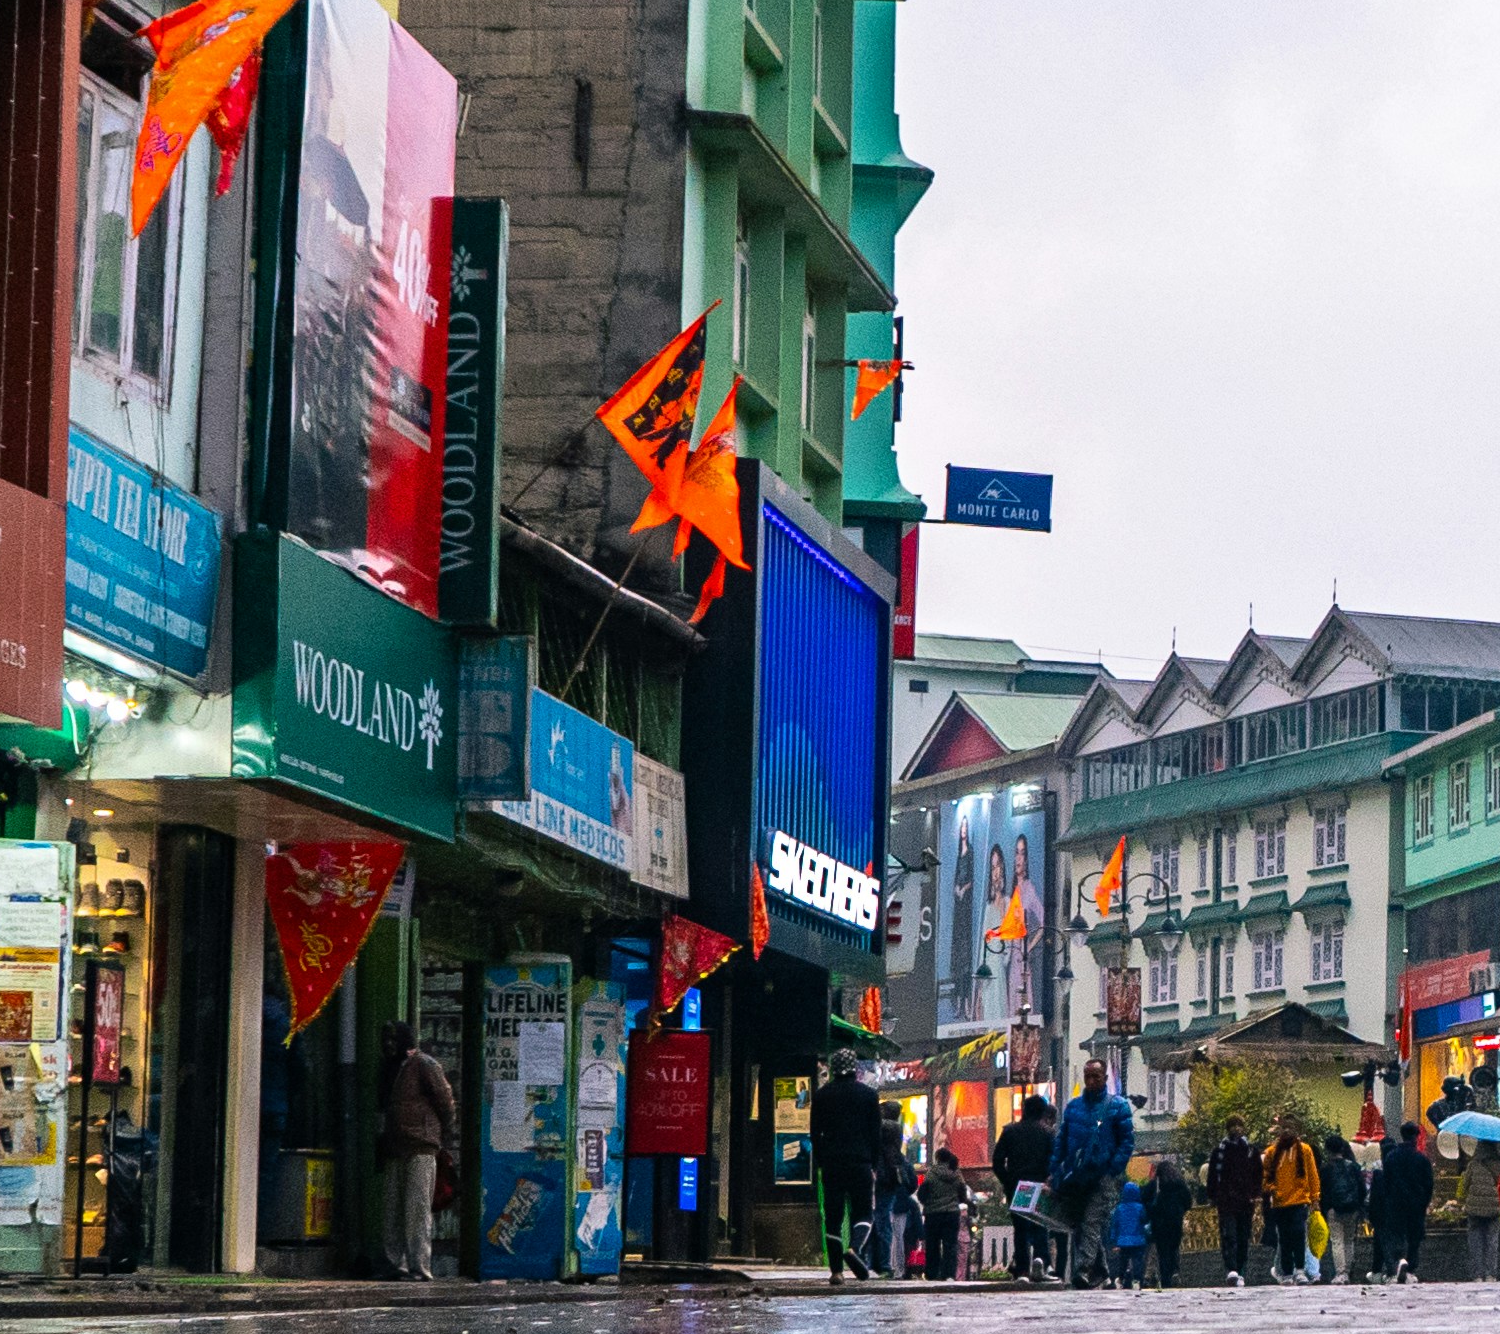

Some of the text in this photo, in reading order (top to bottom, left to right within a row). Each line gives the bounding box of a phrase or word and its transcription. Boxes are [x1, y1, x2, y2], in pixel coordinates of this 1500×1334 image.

[438, 311, 481, 574] WOODLAND
[114, 474, 143, 541] TEA
[957, 503, 1041, 523] MONTE CARLO
[293, 639, 416, 752] WOODLAND
[535, 796, 565, 835] LINE
[568, 817, 626, 864] MEDICOS
[768, 829, 881, 932] SKECHERS
[487, 990, 567, 1015] LIFELINE
[488, 1058, 519, 1070] GAN
[646, 1066, 698, 1083] SALE
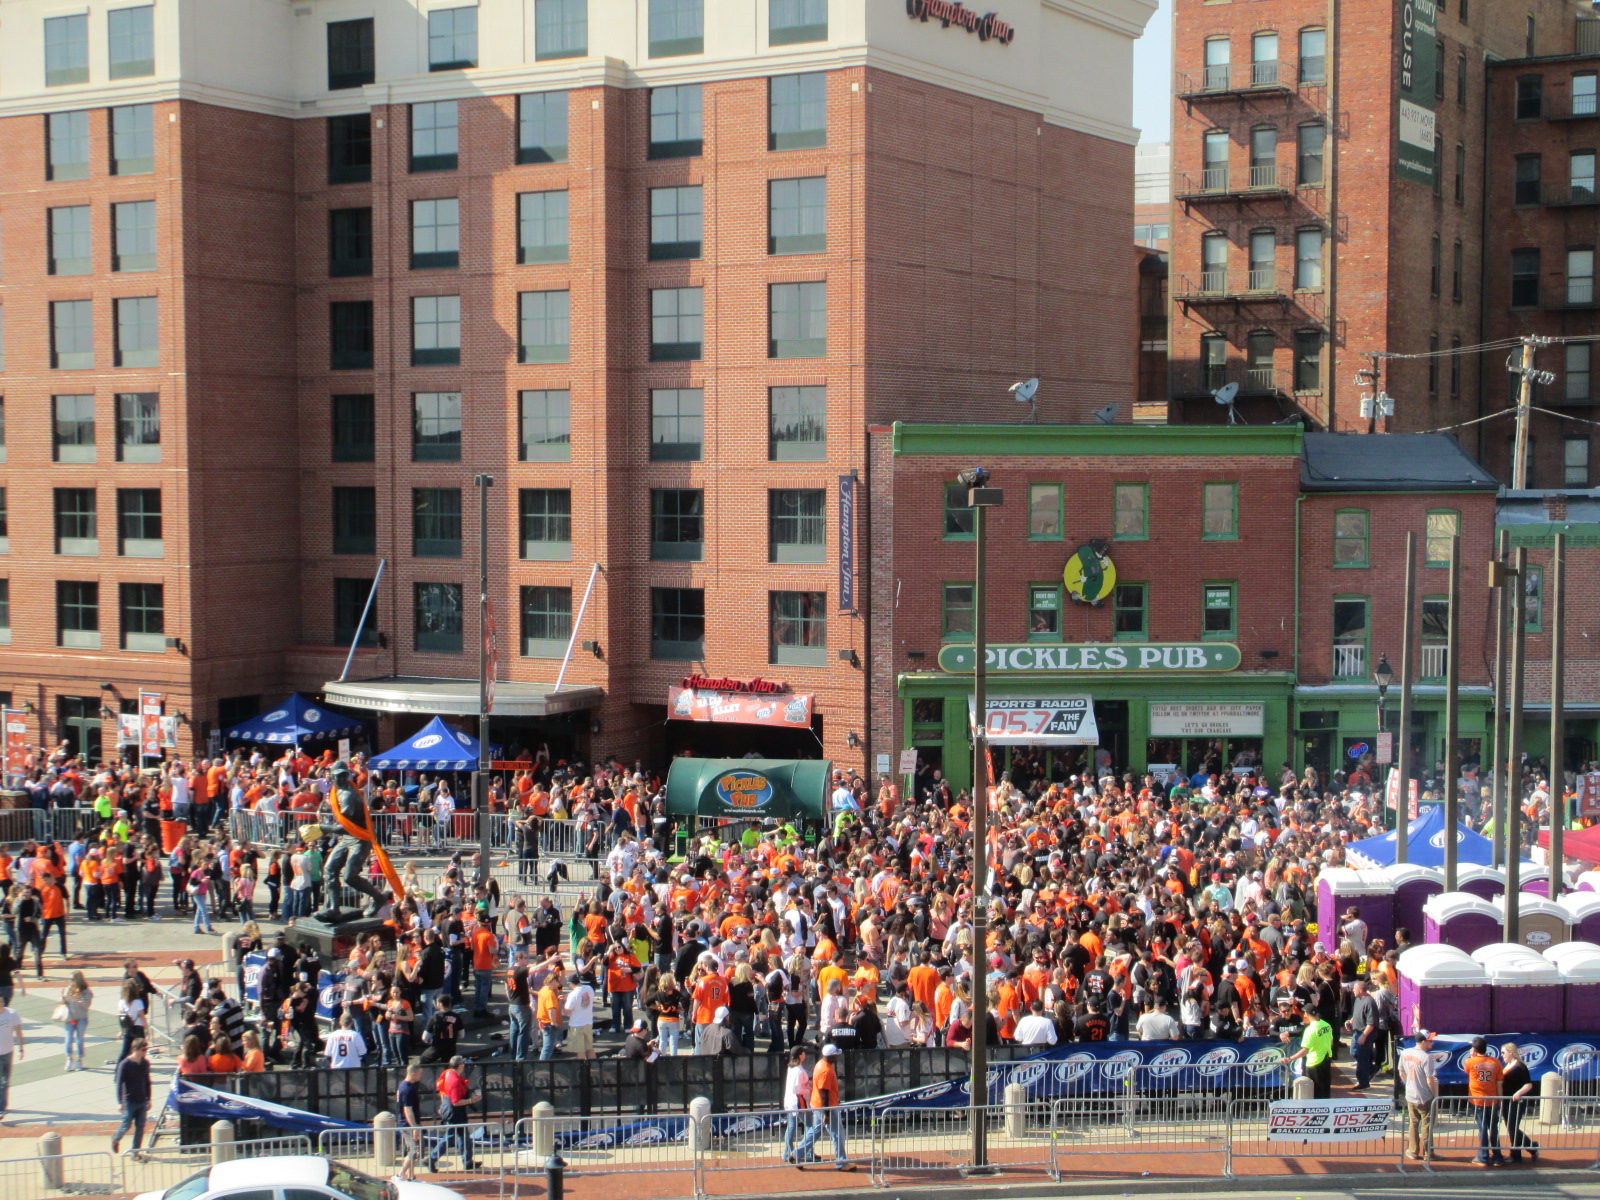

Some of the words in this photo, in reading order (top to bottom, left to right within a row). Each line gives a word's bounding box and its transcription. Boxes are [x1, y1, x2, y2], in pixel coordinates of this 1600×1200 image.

[982, 12, 1014, 43] Inn
[1402, 0, 1413, 88] OUSE
[840, 481, 852, 559] Hampton
[842, 562, 852, 602] Inn
[973, 647, 1129, 670] PICKLES
[1138, 647, 1208, 669] PUB
[682, 674, 743, 692] Hampton
[747, 677, 778, 693] Inn
[985, 700, 1035, 708] SPORTS
[1040, 700, 1084, 708] RADIO
[985, 711, 1051, 735] 05.7
[1050, 721, 1077, 731] FAN
[831, 1028, 857, 1037] SECURITY
[1091, 1028, 1103, 1041] 21
[339, 1043, 348, 1057] 8
[1157, 1055, 1184, 1075] Lite
[1204, 1055, 1232, 1074] Lite
[1252, 1055, 1278, 1074] Lite
[1477, 1070, 1493, 1082] 32
[1270, 1115, 1311, 1127] 105.7
[1333, 1114, 1372, 1126] 105.7
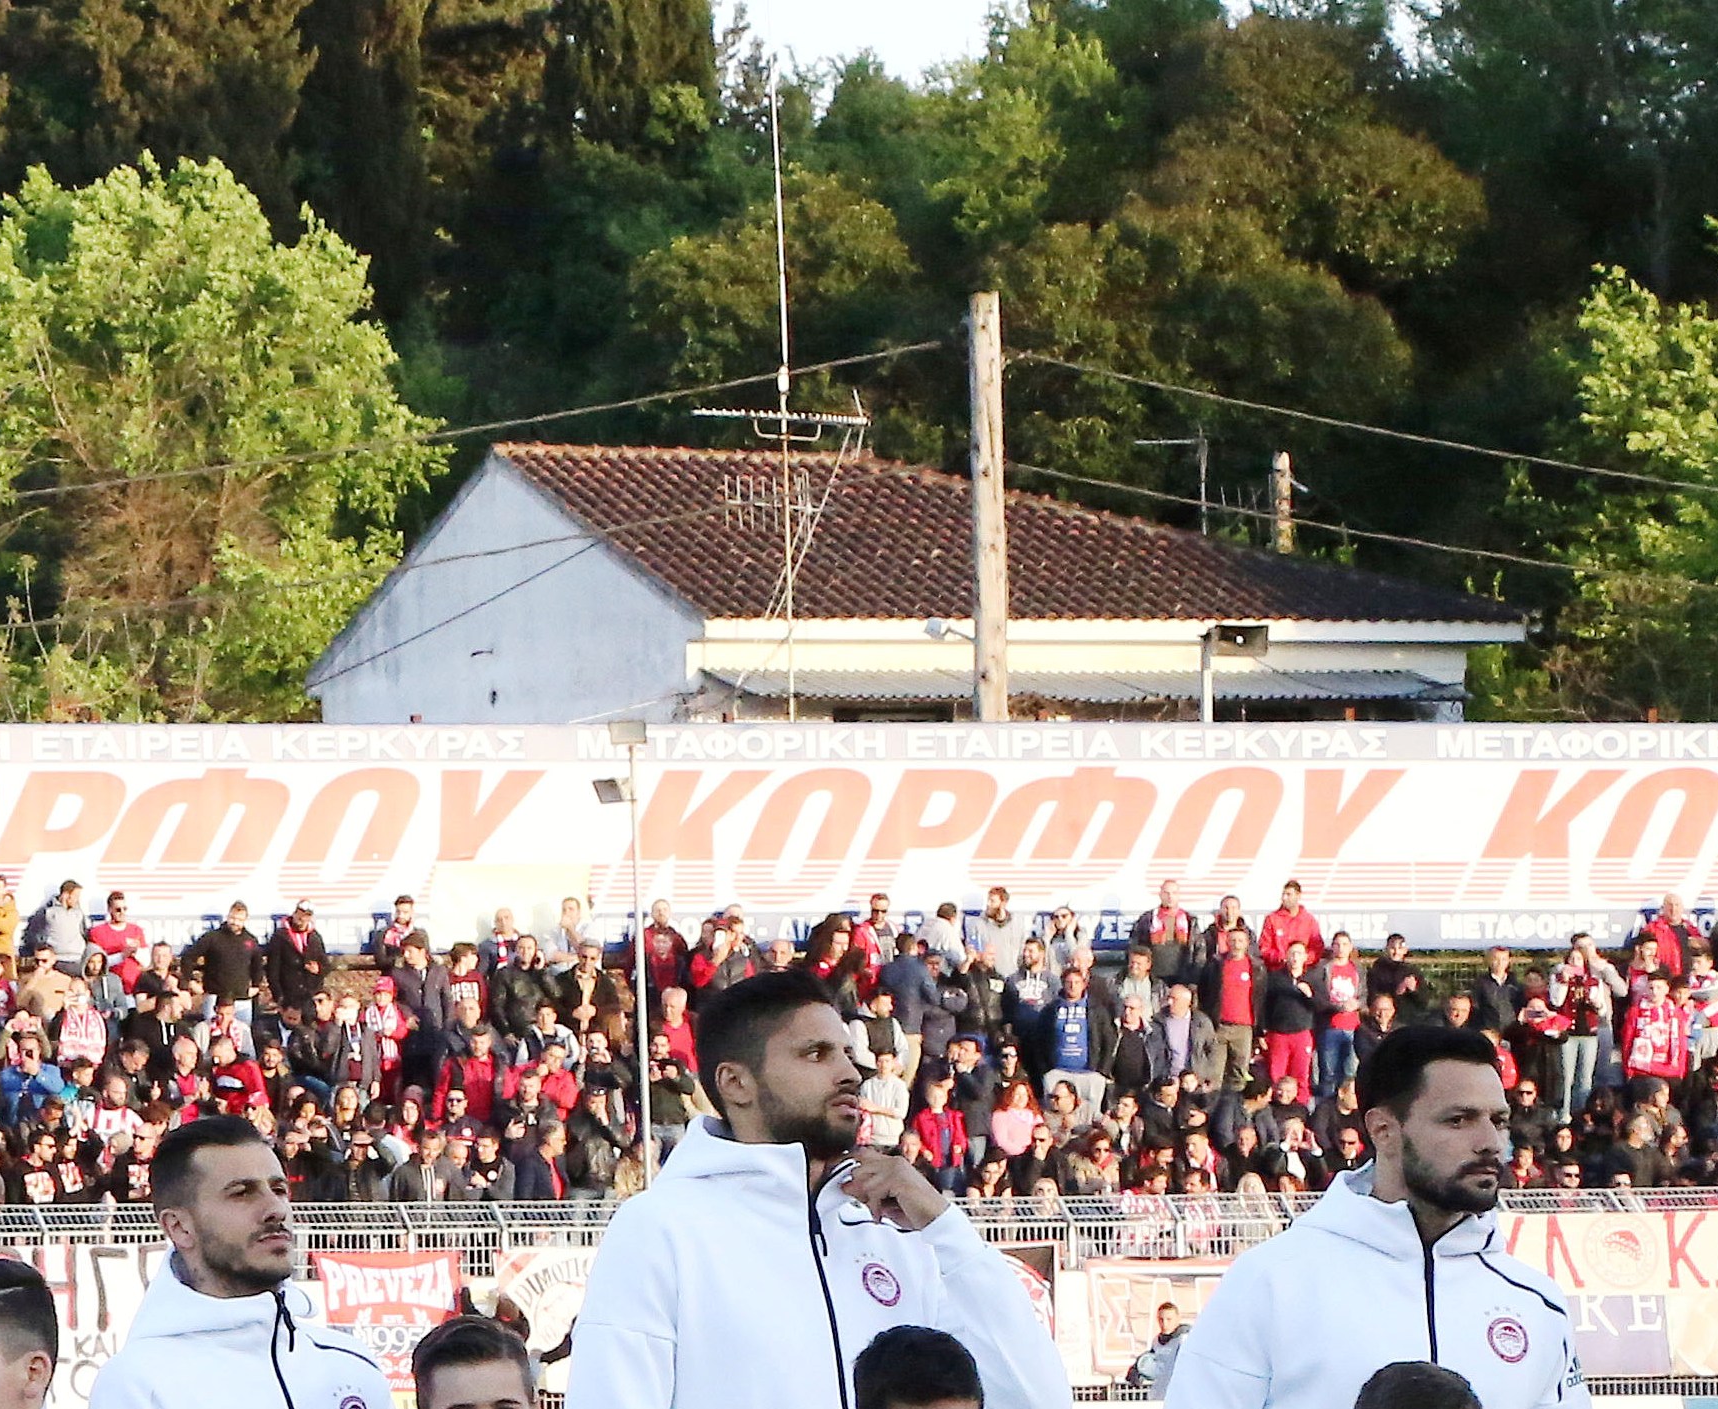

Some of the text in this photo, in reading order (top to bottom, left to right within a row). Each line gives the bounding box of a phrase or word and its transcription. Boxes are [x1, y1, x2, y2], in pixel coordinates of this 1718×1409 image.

------------------------

ACTIVITY
Repeat the material above in full and exactly, apart from the pictures.

WRITTEN SOLUTION
Some of the text in this photo, in reading order (top to bottom, left to right within a row). Each line gives the bounding box of a phrase or word and its transcription. Boxes are [x1, y1, x2, y2], in pixel coordinates of this 1500×1334 image.

[438, 311, 481, 574] WOODLAND
[114, 474, 143, 541] TEA
[957, 503, 1041, 523] MONTE CARLO
[293, 639, 416, 752] WOODLAND
[535, 796, 565, 835] LINE
[568, 817, 626, 864] MEDICOS
[768, 829, 881, 932] SKECHERS
[487, 990, 567, 1015] LIFELINE
[488, 1058, 519, 1070] GAN
[646, 1066, 698, 1083] SALE

Some of the words in this photo, in reading order (top to bottom, left to right within a row). Each line gives a word's bounding box and its transcription. Boxes are [x1, y1, x2, y2], in pixel coordinates of this 1600×1200 image.

[982, 12, 1014, 43] Inn
[1402, 0, 1413, 88] OUSE
[840, 481, 852, 559] Hampton
[842, 562, 852, 602] Inn
[973, 647, 1129, 670] PICKLES
[1138, 647, 1208, 669] PUB
[682, 674, 743, 692] Hampton
[747, 677, 778, 693] Inn
[985, 700, 1035, 708] SPORTS
[1040, 700, 1084, 708] RADIO
[985, 711, 1051, 735] 05.7
[1050, 721, 1077, 731] FAN
[831, 1028, 857, 1037] SECURITY
[1091, 1028, 1103, 1041] 21
[339, 1043, 348, 1057] 8
[1157, 1055, 1184, 1075] Lite
[1204, 1055, 1232, 1074] Lite
[1252, 1055, 1278, 1074] Lite
[1477, 1070, 1493, 1082] 32
[1270, 1115, 1311, 1127] 105.7
[1333, 1114, 1372, 1126] 105.7

Some of the text in this photo, in reading order (top to bottom, left to right within a row). Each line gives the bounding box of a phrase or word and its transcription. Boxes are [x1, y1, x2, y2], in pixel coordinates of this 1718×1409 image.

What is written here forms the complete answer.